次に、報告された^手順49のわずかな変更を用いてクリック修正を行った。トリス(トリアゾリルメチル)アミン系リガンドの添加は、良好な高収率で所望の製品を得るために必要である。様々なアジドが商業的な供給源と文献のプロシージャの両方から容易に入手可能であるため、水溶性や細胞標的化能力などの追加特性を有する様々なモジュラーケージ化合物を調べることができます(図2)。

光光の量子収率は、次に報告された^{手順28、50}に従って測定した。図3は、2°glc-paBhcmoc-PTXの光溶解消費量とPTXの放出が、それぞれ単一指数減衰と上昇によって近似されたことを示し、放射線または望ましくない二次効果の内部フィルタリングを示唆していない。改善された光光量量子収率(Φ)および光凝集効率(εΦ)は、以前に報告されたBhcケージ化合物と比較してクリック可能なpaBhcケージ化合物について観察された(^{表1)41、 43.}Bhcケージ化合物の光凝膜効率(εΦ)は、2-ニトロベンジル型ケージ^化合物48の100倍以上であるので、paBhcケージ群の存在による顕著な改善は明らかにこのシステムの利点。

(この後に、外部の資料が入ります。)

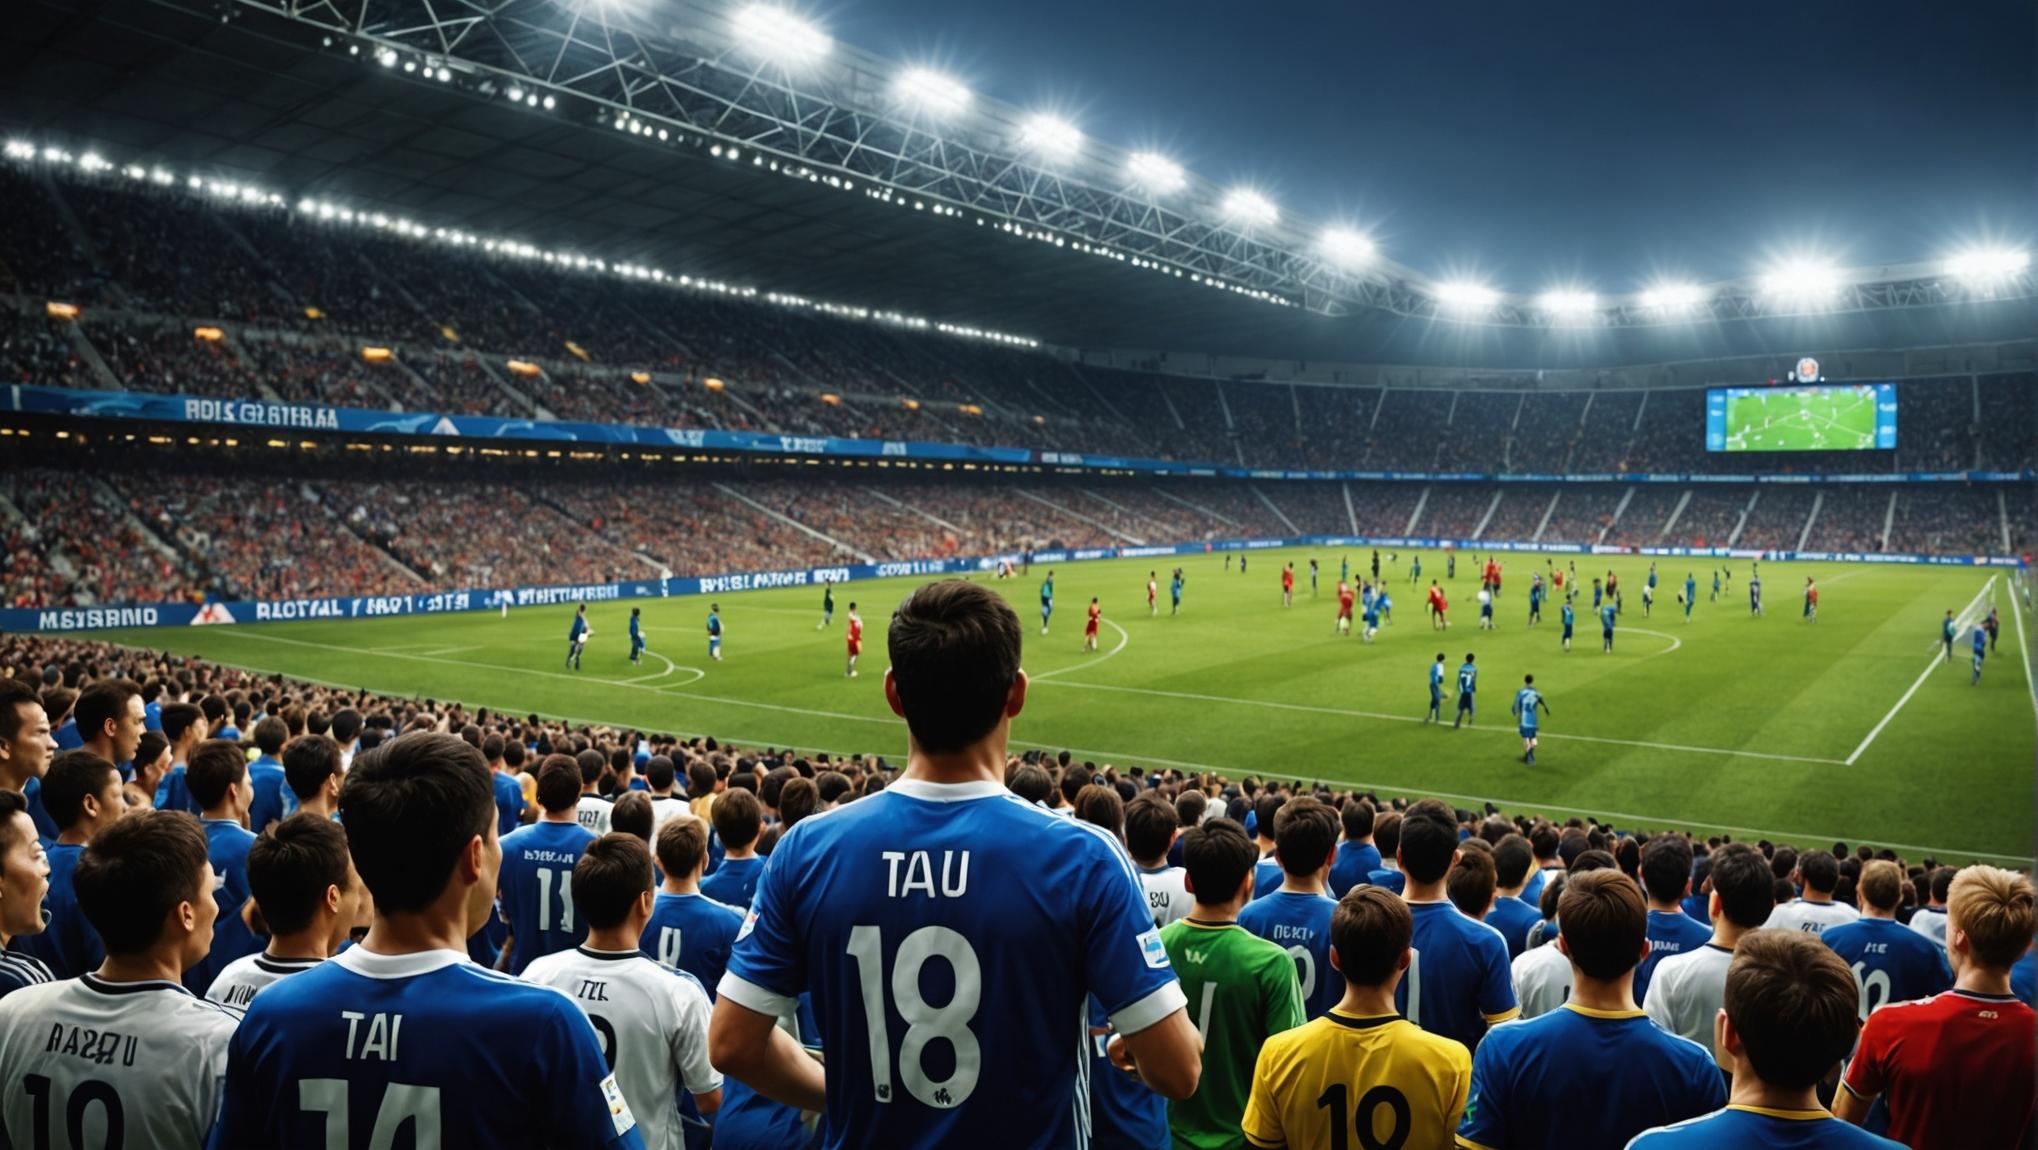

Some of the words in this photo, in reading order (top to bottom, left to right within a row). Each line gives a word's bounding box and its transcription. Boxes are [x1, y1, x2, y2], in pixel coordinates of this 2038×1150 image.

[882, 850, 970, 899] TAU
[341, 1010, 403, 1062] TAI
[846, 925, 982, 1109] 18

概念実証実験として、親水性部分を2~paBhcmoc-PTX(4)に導入し、化合物3に細胞標的化リガンドを導入した(図2)。2°glc-paBhcmoc-PTXの水溶性は、親PTXの650倍高かった(表1)。タグプローブシステムを用いて選択的細胞標的化を達成し、ハロタグリガンドを有するpaBhcmoc-hex-FITC/Halo(8)は、ハロタグ/EGFR融合タンパク質を発現する培養哺乳動物細胞の細胞膜に標的化することに成功した(図 4)。キナーゼの細胞内局在化の光媒介変調も、クリック可能なケージ化合物5を用いて達成された(図5)。

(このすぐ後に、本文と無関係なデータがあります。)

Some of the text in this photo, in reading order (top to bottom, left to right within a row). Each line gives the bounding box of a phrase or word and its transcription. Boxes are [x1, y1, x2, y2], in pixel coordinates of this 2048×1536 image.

結論として、水溶性や細胞などの追加特性で容易に改変できる生物学的に興味深い分子のフォトケージ化合物のクリック可能なプラットフォームの調製方法の実証に成功しました。ターゲティング能力。paBhc caging群は、変更可能な官能基を有する任意の分子を調製するために使用することができるので、本プロトコルの適用は、本明細書に記載される分子に限定されない。モジュラープラットフォーム、すなわちpaBhcケージグループを使用して、所望のケージ化合物を簡単に調製することができ、その物理的および化学的特性は、クリック修飾を介して変調することができます。

何も開示することはない

本研究は、JSPS KAKENHI助成金番号JP16H01282(TF)、革新的分野の科学研究助成金「メモリーダイナミズム」、JP19H05778(TF)、「MolMovies」の支援を受けました。